Según el Instituto de Estadística y Censos de la Ciudad, la tasa de desempleo se ubicó en 7,3% en el último trimestre del año, por encima del 6,7% registrado en el mismo período de 2024. Sin embargo, el dato más preocupante surge al observar la presión total sobre el mercado laboral, que alcanza al 12,7% de la población económicamente activa.
Desde el organismo explicaron que «la población que presiona en el mercado de trabajo es del 12,7%, sea porque está buscando un trabajo desde la condición de desocupación (7,3%), buscando activamente trabajar más horas desde la subocupación (4%) o desde un puesto de 35 o más horas semanales (1,4%)».
El informe también expone desigualdades marcadas dentro de los sectores más afectados. Entre quienes no tienen empleo, el 52% son mujeres.

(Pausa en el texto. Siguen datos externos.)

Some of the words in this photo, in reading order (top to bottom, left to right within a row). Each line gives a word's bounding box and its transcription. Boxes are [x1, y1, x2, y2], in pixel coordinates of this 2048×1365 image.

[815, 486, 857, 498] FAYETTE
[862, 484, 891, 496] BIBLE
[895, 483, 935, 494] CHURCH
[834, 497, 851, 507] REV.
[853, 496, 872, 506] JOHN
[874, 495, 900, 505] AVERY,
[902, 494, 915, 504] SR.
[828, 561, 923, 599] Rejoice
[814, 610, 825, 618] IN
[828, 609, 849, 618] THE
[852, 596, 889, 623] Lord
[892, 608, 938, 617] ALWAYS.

A su vez, la franja etaria más golpeada corresponde a personas de entre 30 y 64 años, que concentran más de la mitad de los casos. En términos educativos, predominan quienes cuentan con secundario completo pero no lograron finalizar estudios superiores.

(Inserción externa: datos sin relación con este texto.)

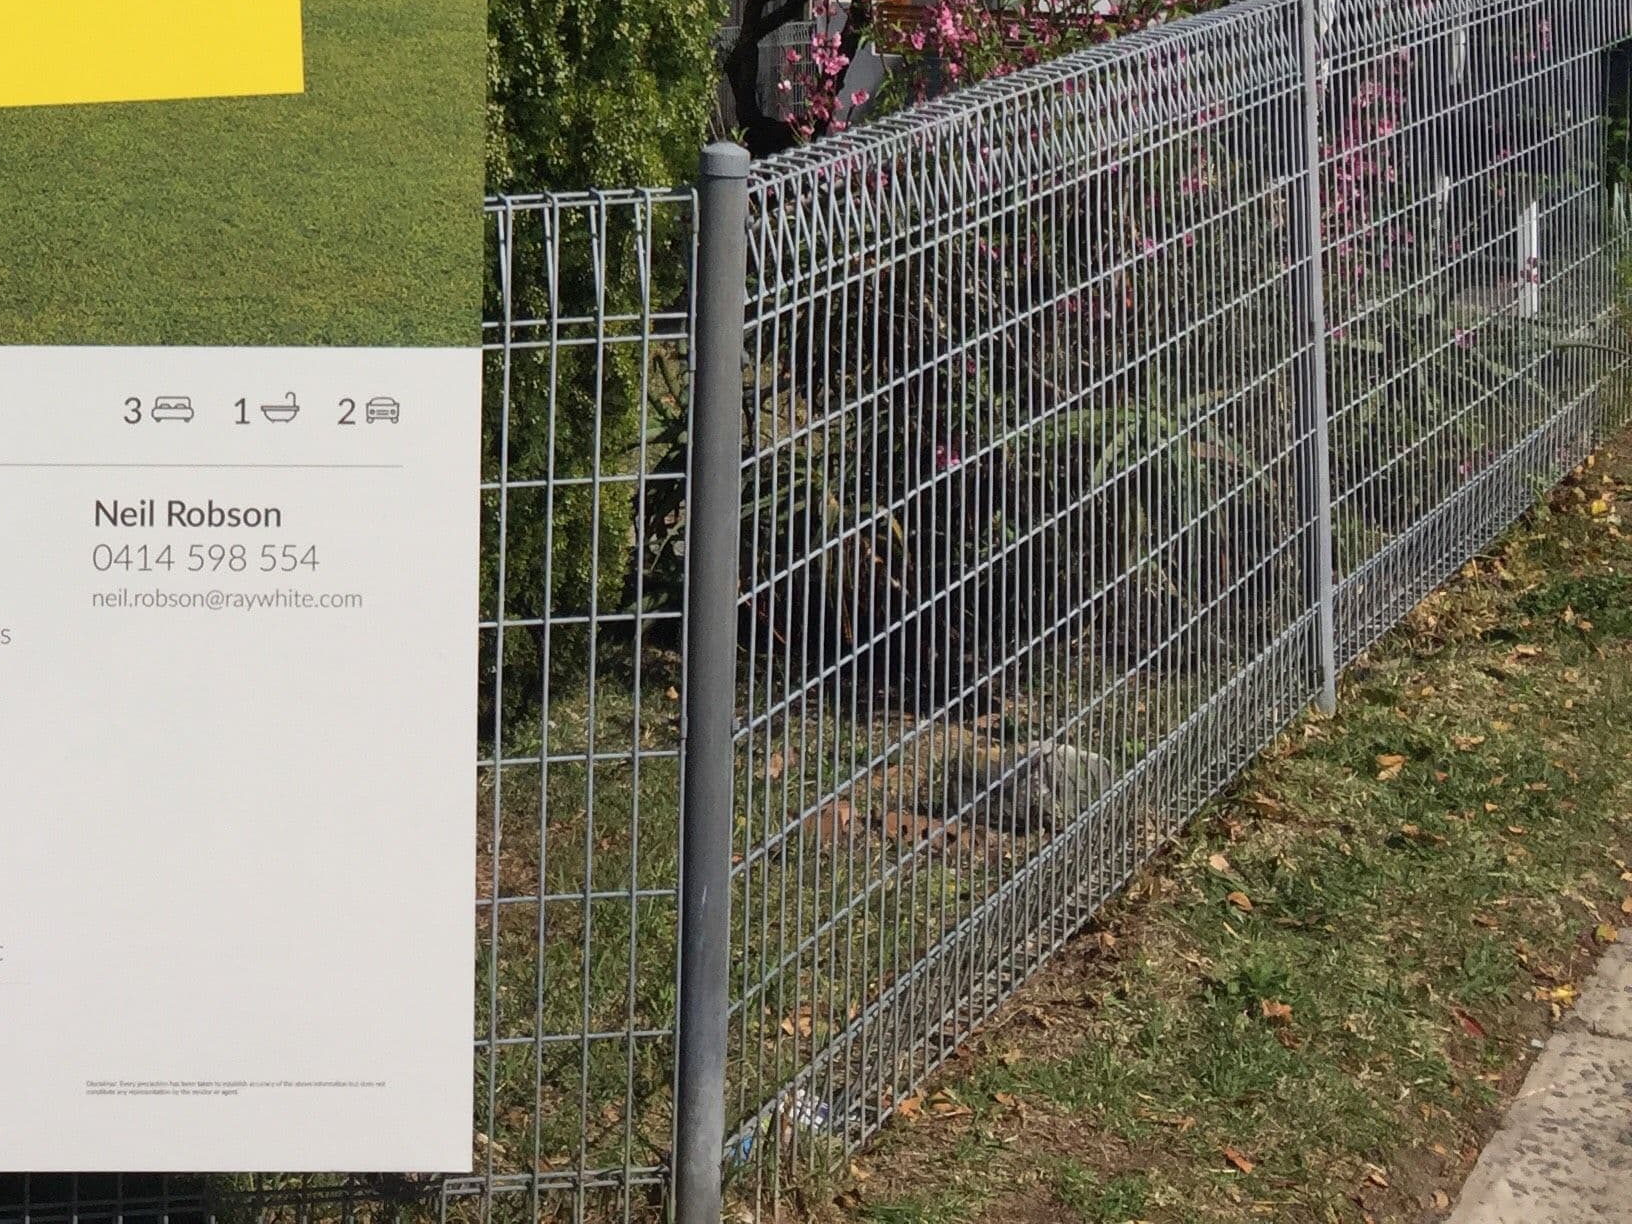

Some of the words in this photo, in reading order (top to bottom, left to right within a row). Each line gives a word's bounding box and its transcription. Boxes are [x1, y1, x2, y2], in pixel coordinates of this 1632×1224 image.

[123, 396, 143, 425] 3
[234, 397, 251, 425] 1
[337, 397, 356, 426] 2
[94, 498, 155, 528] Neil
[167, 499, 282, 528] Robson
[92, 543, 176, 572] 0414
[187, 543, 247, 573] 598
[259, 544, 320, 573] 554
[92, 587, 363, 612] neil.robson@raywhite.com
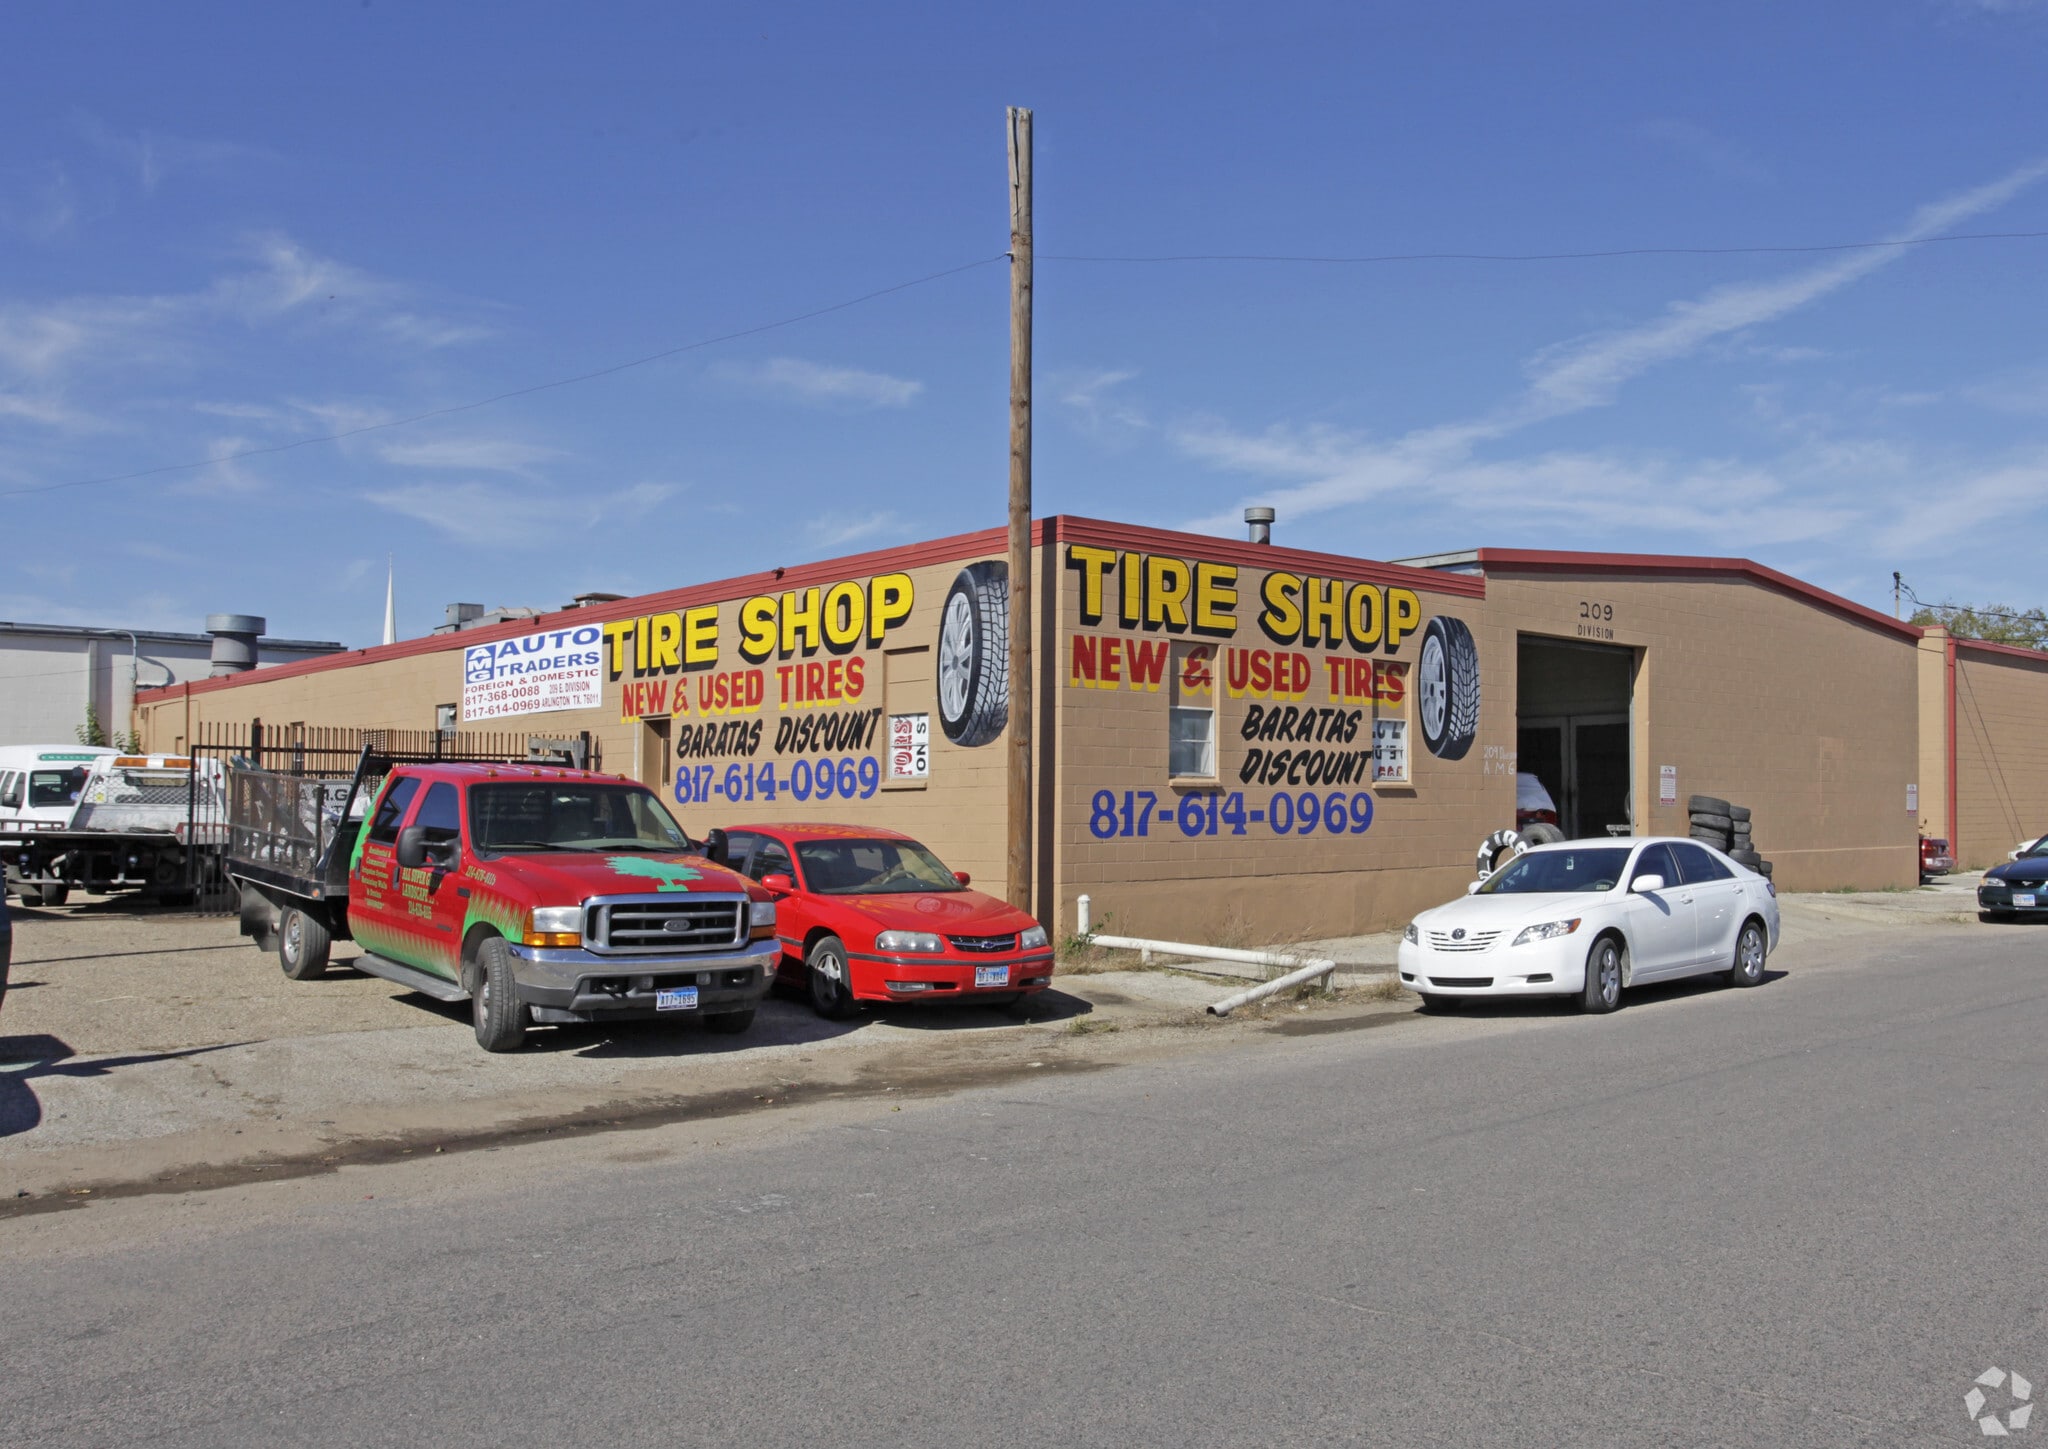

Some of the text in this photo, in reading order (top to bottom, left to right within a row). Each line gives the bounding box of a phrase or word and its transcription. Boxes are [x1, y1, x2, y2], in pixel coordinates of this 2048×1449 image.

[1066, 545, 1421, 655] TIRE SHOP
[1580, 601, 1613, 621] 209
[497, 627, 601, 659] AUTO
[603, 572, 915, 682] TIRE SHOP
[1577, 624, 1614, 640] DIVISION
[465, 668, 599, 695] FOREIGN & DOMESTIC
[496, 651, 600, 678] TRADERS
[1069, 635, 1406, 710] NEW & USED TIRES
[465, 685, 540, 706] 817-368-0088
[542, 696, 571, 707] ARLINGTON
[583, 694, 600, 704] 76011
[549, 683, 559, 694] 209
[565, 680, 591, 692] DIVISION
[621, 656, 865, 719] NEW & USED TIRES
[465, 698, 541, 719] 817-614-0969
[1240, 704, 1363, 744] BARATAS
[676, 707, 883, 759] BARATAS DISCOUNT
[674, 756, 880, 804] 817-614-0969
[1239, 748, 1372, 787] DISCOUNT
[1089, 789, 1374, 839] 817-614-0969

Retrocede el empleo asalariado y avanza el trabajo por cuenta propia
Otro de los indicadores que refleja el cambio en la estructura laboral es la caída del empleo asalariado. En un año, la proporción de trabajadores en relación de dependencia bajó del 75,2% al 72%, lo que evidencia una pérdida de peso del empleo formal tradicional.
En contraposición, creció el cuentapropismo, que pasó del 20,9% al 22,1%. Este avance suele estar asociado a formas de trabajo más inestables y con menor protección social, lo que refuerza la tendencia hacia una mayor precarización.
Dentro del universo asalariado, el 82,5% cuenta con registro en la seguridad social. Aunque el nivel de formalidad se mantiene alto, se detecta una leve caída en los aportes jubilatorios realizados por empleadores, mientras aumentan los casos de trabajadores que deben cubrir sus propios aportes.
En paralelo, la informalidad entre asalariados mostró una leve baja, al pasar del 18% al 17,5%. Sin embargo, este dato convive con un crecimiento de ocupaciones más frágiles.
Entre quienes trabajan por cuenta propia, el 59,1% está registrado y cumple con sus obligaciones, aunque ese porcentaje también se redujo frente al año anterior. Por otro lado, un 34,5% desarrolla su actividad sin ningún tipo de inscripción, lo que deja en evidencia la persistencia de amplios sectores fuera del sistema formal.